◆ YOUR OBJECTIVE ◆
Each of the lines below must be written out exactly as shown.

◆ Source data ◆
▼

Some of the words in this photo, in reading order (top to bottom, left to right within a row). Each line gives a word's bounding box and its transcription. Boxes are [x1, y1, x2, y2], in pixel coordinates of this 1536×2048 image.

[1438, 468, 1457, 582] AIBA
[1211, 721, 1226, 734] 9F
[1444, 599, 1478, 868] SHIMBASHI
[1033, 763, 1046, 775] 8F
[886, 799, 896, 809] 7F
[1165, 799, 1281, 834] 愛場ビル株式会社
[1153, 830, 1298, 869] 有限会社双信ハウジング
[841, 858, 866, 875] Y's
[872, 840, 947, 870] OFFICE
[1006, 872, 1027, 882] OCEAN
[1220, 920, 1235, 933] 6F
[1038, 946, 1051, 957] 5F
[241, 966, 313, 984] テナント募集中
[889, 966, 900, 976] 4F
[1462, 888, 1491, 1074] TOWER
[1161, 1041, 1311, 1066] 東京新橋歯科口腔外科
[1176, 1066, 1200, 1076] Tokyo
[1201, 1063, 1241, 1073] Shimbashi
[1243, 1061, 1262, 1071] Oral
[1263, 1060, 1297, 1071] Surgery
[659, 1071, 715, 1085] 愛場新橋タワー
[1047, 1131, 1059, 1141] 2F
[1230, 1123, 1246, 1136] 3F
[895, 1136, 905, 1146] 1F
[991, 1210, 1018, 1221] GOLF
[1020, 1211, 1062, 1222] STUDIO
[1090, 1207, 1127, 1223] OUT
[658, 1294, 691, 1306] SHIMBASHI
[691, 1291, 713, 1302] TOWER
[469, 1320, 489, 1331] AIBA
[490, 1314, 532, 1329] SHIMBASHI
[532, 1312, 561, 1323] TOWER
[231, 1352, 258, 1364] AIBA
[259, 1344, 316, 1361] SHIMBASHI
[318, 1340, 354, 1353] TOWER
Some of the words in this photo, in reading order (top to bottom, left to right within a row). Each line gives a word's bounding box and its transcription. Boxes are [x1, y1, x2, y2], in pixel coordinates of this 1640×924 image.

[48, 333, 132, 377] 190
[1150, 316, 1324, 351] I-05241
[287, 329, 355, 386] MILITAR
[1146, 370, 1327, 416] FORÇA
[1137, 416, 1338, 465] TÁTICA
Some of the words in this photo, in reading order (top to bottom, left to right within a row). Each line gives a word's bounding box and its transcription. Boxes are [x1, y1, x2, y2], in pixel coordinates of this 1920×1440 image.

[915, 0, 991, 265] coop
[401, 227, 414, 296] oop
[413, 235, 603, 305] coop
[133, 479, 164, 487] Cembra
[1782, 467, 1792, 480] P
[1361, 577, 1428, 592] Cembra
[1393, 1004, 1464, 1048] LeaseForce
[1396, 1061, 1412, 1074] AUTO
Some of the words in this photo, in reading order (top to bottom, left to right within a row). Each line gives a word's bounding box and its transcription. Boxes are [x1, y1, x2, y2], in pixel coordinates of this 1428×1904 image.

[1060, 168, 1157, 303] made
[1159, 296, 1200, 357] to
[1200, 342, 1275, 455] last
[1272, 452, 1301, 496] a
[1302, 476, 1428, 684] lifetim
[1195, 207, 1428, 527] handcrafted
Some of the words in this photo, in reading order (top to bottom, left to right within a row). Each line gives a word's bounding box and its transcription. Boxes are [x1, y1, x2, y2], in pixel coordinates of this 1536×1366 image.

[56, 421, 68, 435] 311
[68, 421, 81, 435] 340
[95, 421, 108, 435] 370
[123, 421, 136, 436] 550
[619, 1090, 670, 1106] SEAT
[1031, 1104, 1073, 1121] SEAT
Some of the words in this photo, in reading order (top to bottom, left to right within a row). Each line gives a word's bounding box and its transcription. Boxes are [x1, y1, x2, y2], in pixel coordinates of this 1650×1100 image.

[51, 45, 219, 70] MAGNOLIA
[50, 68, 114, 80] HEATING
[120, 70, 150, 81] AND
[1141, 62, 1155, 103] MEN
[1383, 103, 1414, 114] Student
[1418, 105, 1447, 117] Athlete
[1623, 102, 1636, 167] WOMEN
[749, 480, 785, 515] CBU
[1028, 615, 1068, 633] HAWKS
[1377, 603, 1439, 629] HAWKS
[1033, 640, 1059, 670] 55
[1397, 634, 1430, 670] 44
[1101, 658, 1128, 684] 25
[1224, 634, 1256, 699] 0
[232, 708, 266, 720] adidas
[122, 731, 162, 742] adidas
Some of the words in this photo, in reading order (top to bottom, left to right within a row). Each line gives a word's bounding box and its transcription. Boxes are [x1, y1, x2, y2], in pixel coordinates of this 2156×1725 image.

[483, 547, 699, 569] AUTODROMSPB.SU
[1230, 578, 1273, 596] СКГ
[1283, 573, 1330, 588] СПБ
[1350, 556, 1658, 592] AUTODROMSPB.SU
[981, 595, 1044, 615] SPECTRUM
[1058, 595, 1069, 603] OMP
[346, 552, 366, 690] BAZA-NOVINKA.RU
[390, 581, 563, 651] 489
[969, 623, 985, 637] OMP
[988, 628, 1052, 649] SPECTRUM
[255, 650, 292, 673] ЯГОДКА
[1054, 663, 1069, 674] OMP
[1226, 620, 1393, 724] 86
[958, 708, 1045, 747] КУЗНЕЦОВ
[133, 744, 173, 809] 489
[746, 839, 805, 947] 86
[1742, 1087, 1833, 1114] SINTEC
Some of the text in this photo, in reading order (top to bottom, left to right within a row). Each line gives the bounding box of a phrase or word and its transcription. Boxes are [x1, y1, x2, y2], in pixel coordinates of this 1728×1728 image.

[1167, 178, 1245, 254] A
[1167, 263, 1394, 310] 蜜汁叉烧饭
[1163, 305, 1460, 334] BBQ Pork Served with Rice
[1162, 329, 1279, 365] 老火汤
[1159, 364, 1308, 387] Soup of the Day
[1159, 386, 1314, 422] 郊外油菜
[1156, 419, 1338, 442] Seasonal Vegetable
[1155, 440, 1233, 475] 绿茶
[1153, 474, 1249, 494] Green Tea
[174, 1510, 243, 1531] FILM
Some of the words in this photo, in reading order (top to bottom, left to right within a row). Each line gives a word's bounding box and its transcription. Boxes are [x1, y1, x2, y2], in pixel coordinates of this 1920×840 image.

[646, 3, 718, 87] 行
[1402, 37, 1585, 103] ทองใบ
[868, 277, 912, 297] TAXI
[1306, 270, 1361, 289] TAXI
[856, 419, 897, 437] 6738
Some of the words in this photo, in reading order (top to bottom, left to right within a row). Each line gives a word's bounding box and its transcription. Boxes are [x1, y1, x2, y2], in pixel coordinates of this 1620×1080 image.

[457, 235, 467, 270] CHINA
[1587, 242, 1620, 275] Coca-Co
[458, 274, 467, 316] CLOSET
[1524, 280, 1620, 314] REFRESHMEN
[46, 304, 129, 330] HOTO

▲

◆ RESULT OF THIS TASK ◆
Some of the words in this photo, in reading order (top to bottom, left to right within a row). Each line gives a word's bounding box and its transcription. Boxes are [x1, y1, x2, y2], in pixel coordinates of this 1536×2048 image.

[1438, 468, 1457, 582] AIBA
[1211, 721, 1226, 734] 9F
[1444, 599, 1478, 868] SHIMBASHI
[1033, 763, 1046, 775] 8F
[886, 799, 896, 809] 7F
[1165, 799, 1281, 834] 愛場ビル株式会社
[1153, 830, 1298, 869] 有限会社双信ハウジング
[841, 858, 866, 875] Y's
[872, 840, 947, 870] OFFICE
[1006, 872, 1027, 882] OCEAN
[1220, 920, 1235, 933] 6F
[1038, 946, 1051, 957] 5F
[241, 966, 313, 984] テナント募集中
[889, 966, 900, 976] 4F
[1462, 888, 1491, 1074] TOWER
[1161, 1041, 1311, 1066] 東京新橋歯科口腔外科
[1176, 1066, 1200, 1076] Tokyo
[1201, 1063, 1241, 1073] Shimbashi
[1243, 1061, 1262, 1071] Oral
[1263, 1060, 1297, 1071] Surgery
[659, 1071, 715, 1085] 愛場新橋タワー
[1047, 1131, 1059, 1141] 2F
[1230, 1123, 1246, 1136] 3F
[895, 1136, 905, 1146] 1F
[991, 1210, 1018, 1221] GOLF
[1020, 1211, 1062, 1222] STUDIO
[1090, 1207, 1127, 1223] OUT
[658, 1294, 691, 1306] SHIMBASHI
[691, 1291, 713, 1302] TOWER
[469, 1320, 489, 1331] AIBA
[490, 1314, 532, 1329] SHIMBASHI
[532, 1312, 561, 1323] TOWER
[231, 1352, 258, 1364] AIBA
[259, 1344, 316, 1361] SHIMBASHI
[318, 1340, 354, 1353] TOWER
Some of the words in this photo, in reading order (top to bottom, left to right within a row). Each line gives a word's bounding box and its transcription. Boxes are [x1, y1, x2, y2], in pixel coordinates of this 1640×924 image.

[48, 333, 132, 377] 190
[1150, 316, 1324, 351] I-05241
[287, 329, 355, 386] MILITAR
[1146, 370, 1327, 416] FORÇA
[1137, 416, 1338, 465] TÁTICA
Some of the words in this photo, in reading order (top to bottom, left to right within a row). Each line gives a word's bounding box and its transcription. Boxes are [x1, y1, x2, y2], in pixel coordinates of this 1920×1440 image.

[915, 0, 991, 265] coop
[401, 227, 414, 296] oop
[413, 235, 603, 305] coop
[133, 479, 164, 487] Cembra
[1782, 467, 1792, 480] P
[1361, 577, 1428, 592] Cembra
[1393, 1004, 1464, 1048] LeaseForce
[1396, 1061, 1412, 1074] AUTO
Some of the words in this photo, in reading order (top to bottom, left to right within a row). Each line gives a word's bounding box and its transcription. Boxes are [x1, y1, x2, y2], in pixel coordinates of this 1428×1904 image.

[1060, 168, 1157, 303] made
[1159, 296, 1200, 357] to
[1200, 342, 1275, 455] last
[1272, 452, 1301, 496] a
[1302, 476, 1428, 684] lifetim
[1195, 207, 1428, 527] handcrafted
Some of the words in this photo, in reading order (top to bottom, left to right within a row). Each line gives a word's bounding box and its transcription. Boxes are [x1, y1, x2, y2], in pixel coordinates of this 1536×1366 image.

[56, 421, 68, 435] 311
[68, 421, 81, 435] 340
[95, 421, 108, 435] 370
[123, 421, 136, 436] 550
[619, 1090, 670, 1106] SEAT
[1031, 1104, 1073, 1121] SEAT
Some of the words in this photo, in reading order (top to bottom, left to right within a row). Each line gives a word's bounding box and its transcription. Boxes are [x1, y1, x2, y2], in pixel coordinates of this 1650×1100 image.

[51, 45, 219, 70] MAGNOLIA
[50, 68, 114, 80] HEATING
[120, 70, 150, 81] AND
[1141, 62, 1155, 103] MEN
[1383, 103, 1414, 114] Student
[1418, 105, 1447, 117] Athlete
[1623, 102, 1636, 167] WOMEN
[749, 480, 785, 515] CBU
[1028, 615, 1068, 633] HAWKS
[1377, 603, 1439, 629] HAWKS
[1033, 640, 1059, 670] 55
[1397, 634, 1430, 670] 44
[1101, 658, 1128, 684] 25
[1224, 634, 1256, 699] 0
[232, 708, 266, 720] adidas
[122, 731, 162, 742] adidas
Some of the words in this photo, in reading order (top to bottom, left to right within a row). Each line gives a word's bounding box and its transcription. Boxes are [x1, y1, x2, y2], in pixel coordinates of this 2156×1725 image.

[483, 547, 699, 569] AUTODROMSPB.SU
[1230, 578, 1273, 596] СКГ
[1283, 573, 1330, 588] СПБ
[1350, 556, 1658, 592] AUTODROMSPB.SU
[981, 595, 1044, 615] SPECTRUM
[1058, 595, 1069, 603] OMP
[346, 552, 366, 690] BAZA-NOVINKA.RU
[390, 581, 563, 651] 489
[969, 623, 985, 637] OMP
[988, 628, 1052, 649] SPECTRUM
[255, 650, 292, 673] ЯГОДКА
[1054, 663, 1069, 674] OMP
[1226, 620, 1393, 724] 86
[958, 708, 1045, 747] КУЗНЕЦОВ
[133, 744, 173, 809] 489
[746, 839, 805, 947] 86
[1742, 1087, 1833, 1114] SINTEC
Some of the text in this photo, in reading order (top to bottom, left to right within a row). Each line gives the bounding box of a phrase or word and its transcription. Boxes are [x1, y1, x2, y2], in pixel coordinates of this 1728×1728 image.

[1167, 178, 1245, 254] A
[1167, 263, 1394, 310] 蜜汁叉烧饭
[1163, 305, 1460, 334] BBQ Pork Served with Rice
[1162, 329, 1279, 365] 老火汤
[1159, 364, 1308, 387] Soup of the Day
[1159, 386, 1314, 422] 郊外油菜
[1156, 419, 1338, 442] Seasonal Vegetable
[1155, 440, 1233, 475] 绿茶
[1153, 474, 1249, 494] Green Tea
[174, 1510, 243, 1531] FILM
Some of the words in this photo, in reading order (top to bottom, left to right within a row). Each line gives a word's bounding box and its transcription. Boxes are [x1, y1, x2, y2], in pixel coordinates of this 1920×840 image.

[646, 3, 718, 87] 行
[1402, 37, 1585, 103] ทองใบ
[868, 277, 912, 297] TAXI
[1306, 270, 1361, 289] TAXI
[856, 419, 897, 437] 6738
Some of the words in this photo, in reading order (top to bottom, left to right within a row). Each line gives a word's bounding box and its transcription. Boxes are [x1, y1, x2, y2], in pixel coordinates of this 1620×1080 image.

[457, 235, 467, 270] CHINA
[1587, 242, 1620, 275] Coca-Co
[458, 274, 467, 316] CLOSET
[1524, 280, 1620, 314] REFRESHMEN
[46, 304, 129, 330] HOTO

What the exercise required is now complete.